Object and String prototypes are not prototypes of defined strings?

问题

I'm trying to understand how JavaScript's prototype-based inheritance works. I was expecting the below outputs would evaluate as true. Why is this?

var myStr = "Sample";
String.prototype.isPrototypeOf(myStr); // false
Object.prototype.isPrototypeOf(myStr); // false

回答1:

JavaScript has both primitive strings and string objects. What you've written there is a primitive string. The Object.prototype.isPrototypeOf method always returns false for any primitive, so your results make sense.

If you used a string object, you'd get true:

var myStr = new String("Sample");
console.log(String.prototype.isPrototypeOf(myStr)); // true
console.log(Object.prototype.isPrototypeOf(myStr)); // true

---

You're probably wondering: If it's a primitive, then why can I call methods on it that are defined on String.prototype?

The answer is that the specification defines that if you use a property accessor on a primitive string, a temporary string object with an equivalent character sequence is created (with String.prototype as its prototype), and the property is then read from that temporary object. (The same is done with numbers.)

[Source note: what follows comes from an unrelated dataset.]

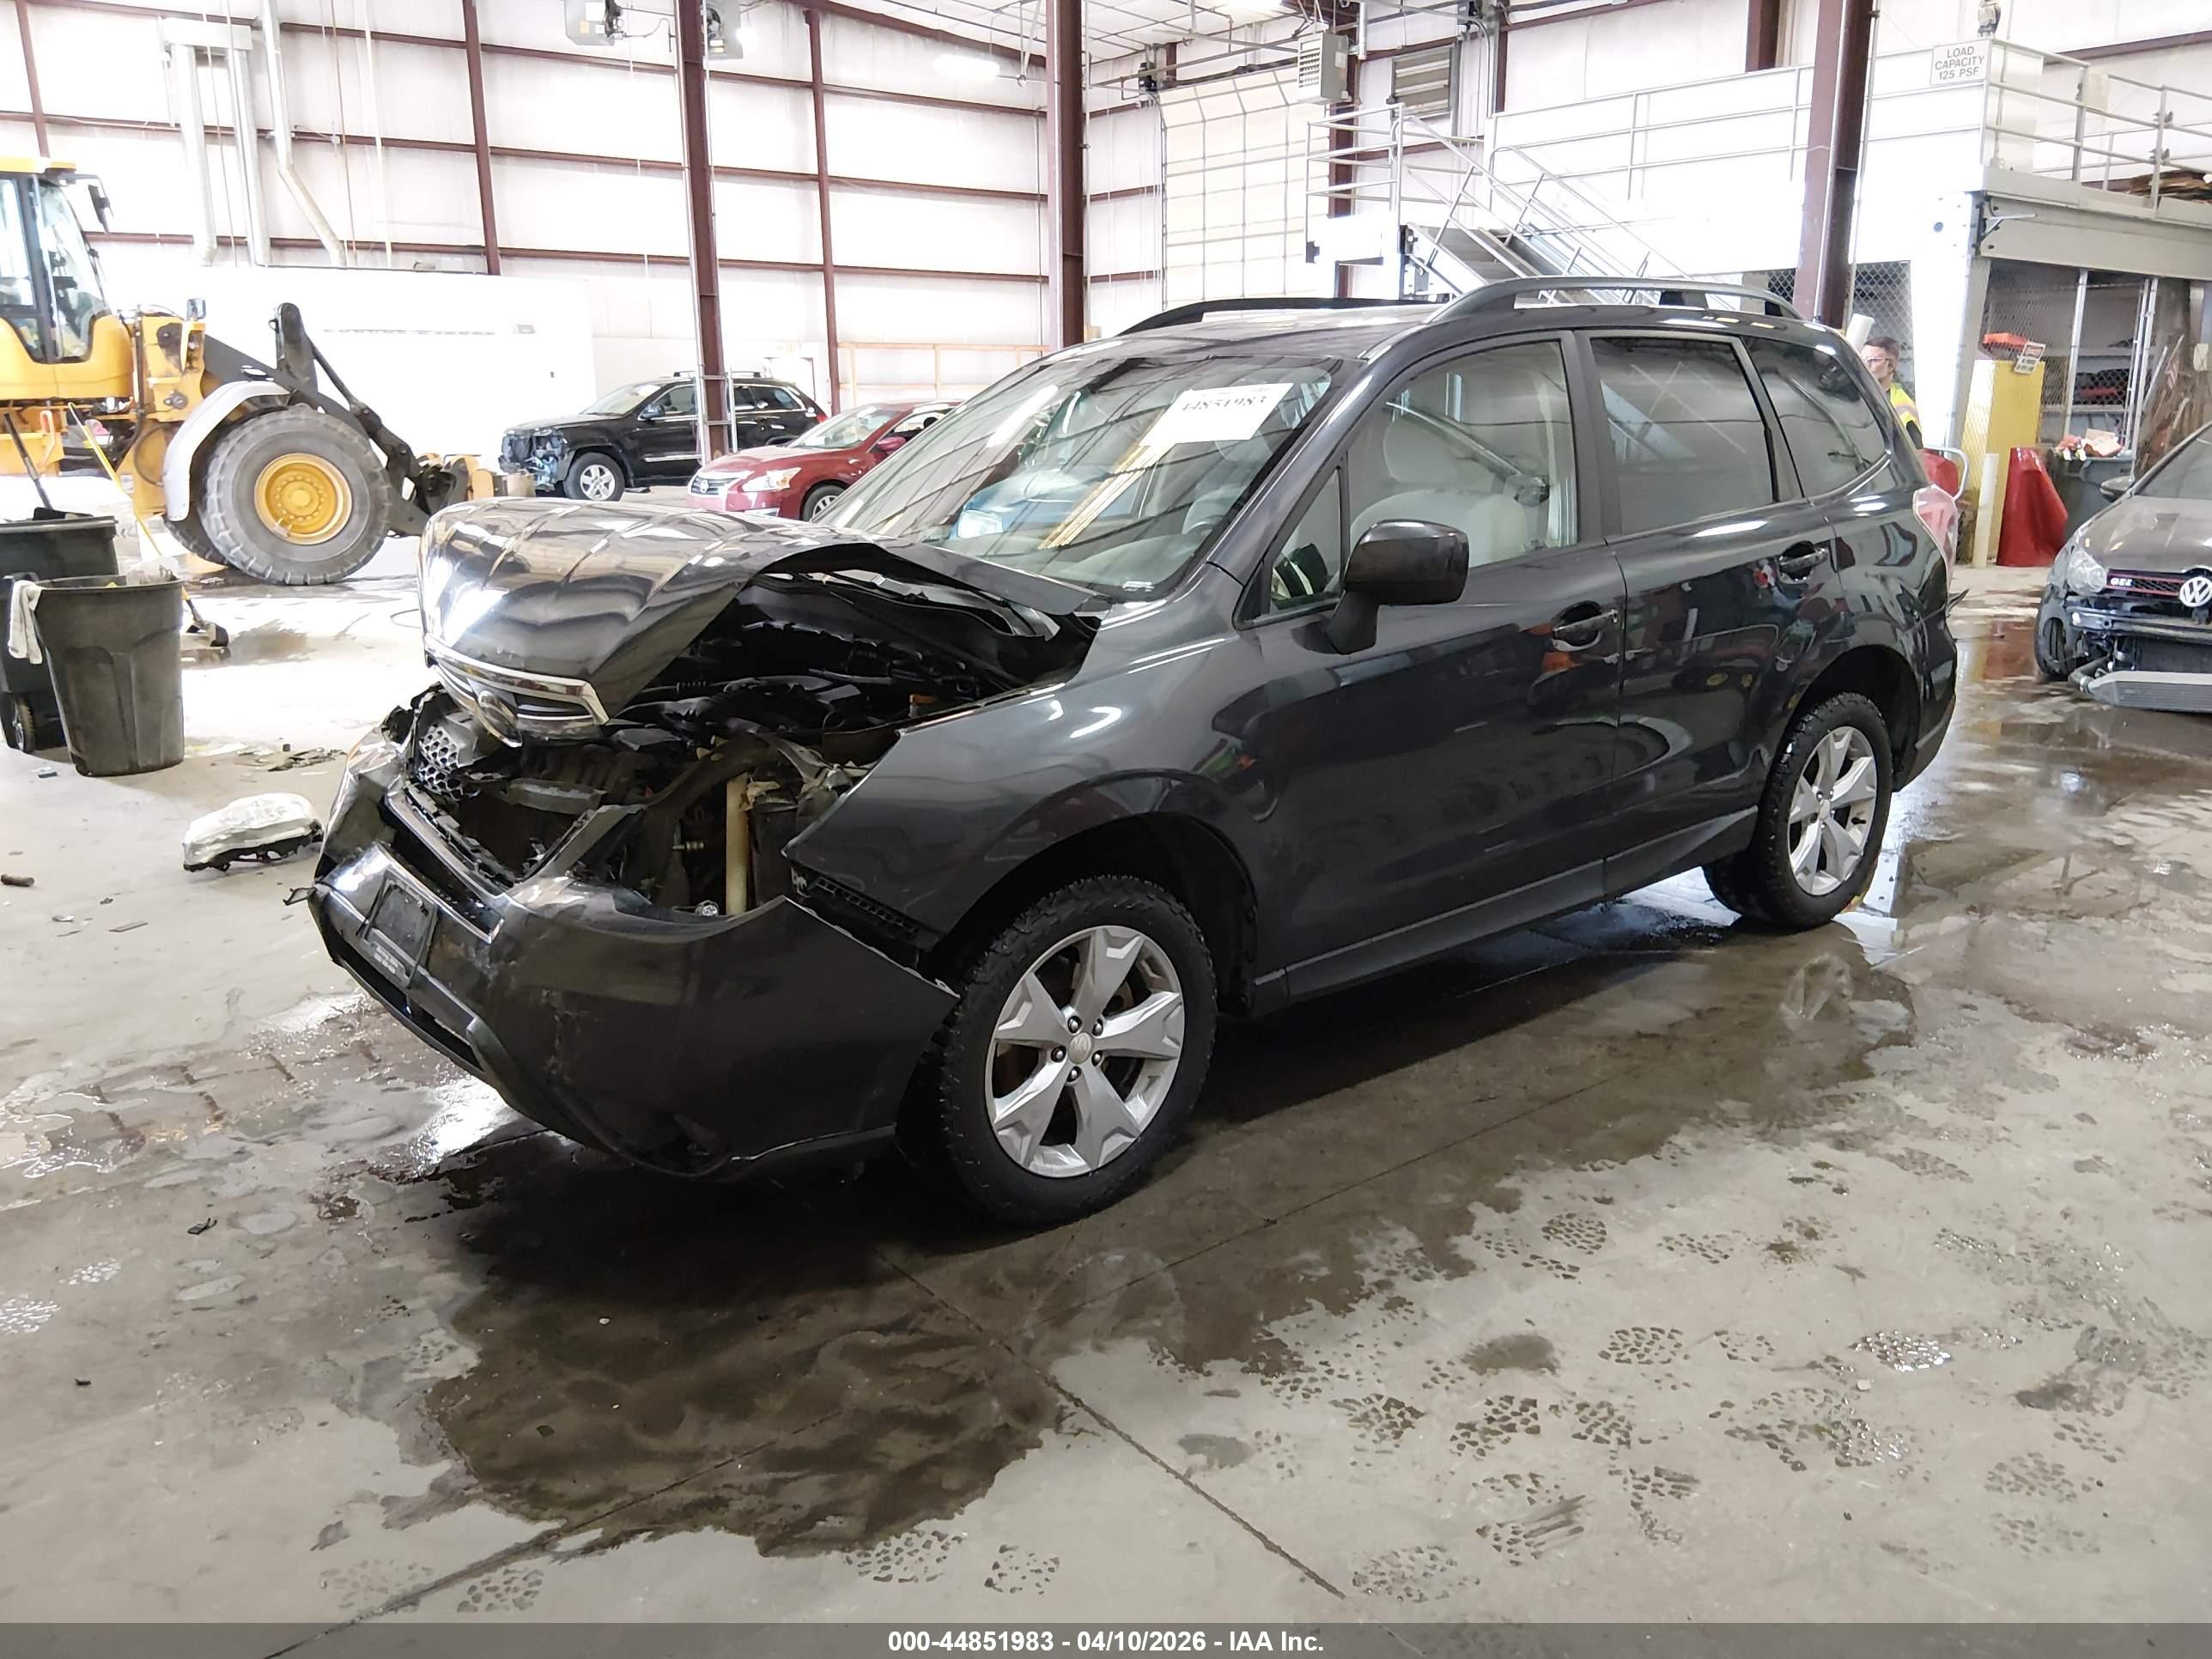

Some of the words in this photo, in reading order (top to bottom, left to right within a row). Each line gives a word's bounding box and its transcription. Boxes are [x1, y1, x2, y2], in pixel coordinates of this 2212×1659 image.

We can prove that the temporary object is created by adding a method to String.prototype that returns that object (just for the purposes of illustration):

Object.defineProperty(String.prototype, "foo", {
  value: function() {
    return this;
  }
});
var primitive = "string";
var object = primitive.foo();
console.log(primitive === object);                      // false
console.log(primitive == object);                       // true
console.log(String.prototype.isPrototypeOf(primitive)); // false
console.log(String.prototype.isPrototypeOf(object));    // true

回答2:

This is because the string primitives are not string objects. If you want the above code to work, the string should be constructed via the String class, as in:

var myStr = new String("Sample");
String.prototype.isPrototypeOf(myStr); // true

回答3:

Basically, isPrototypeOf only works on objects, and string primitives are not objects, they are primitives.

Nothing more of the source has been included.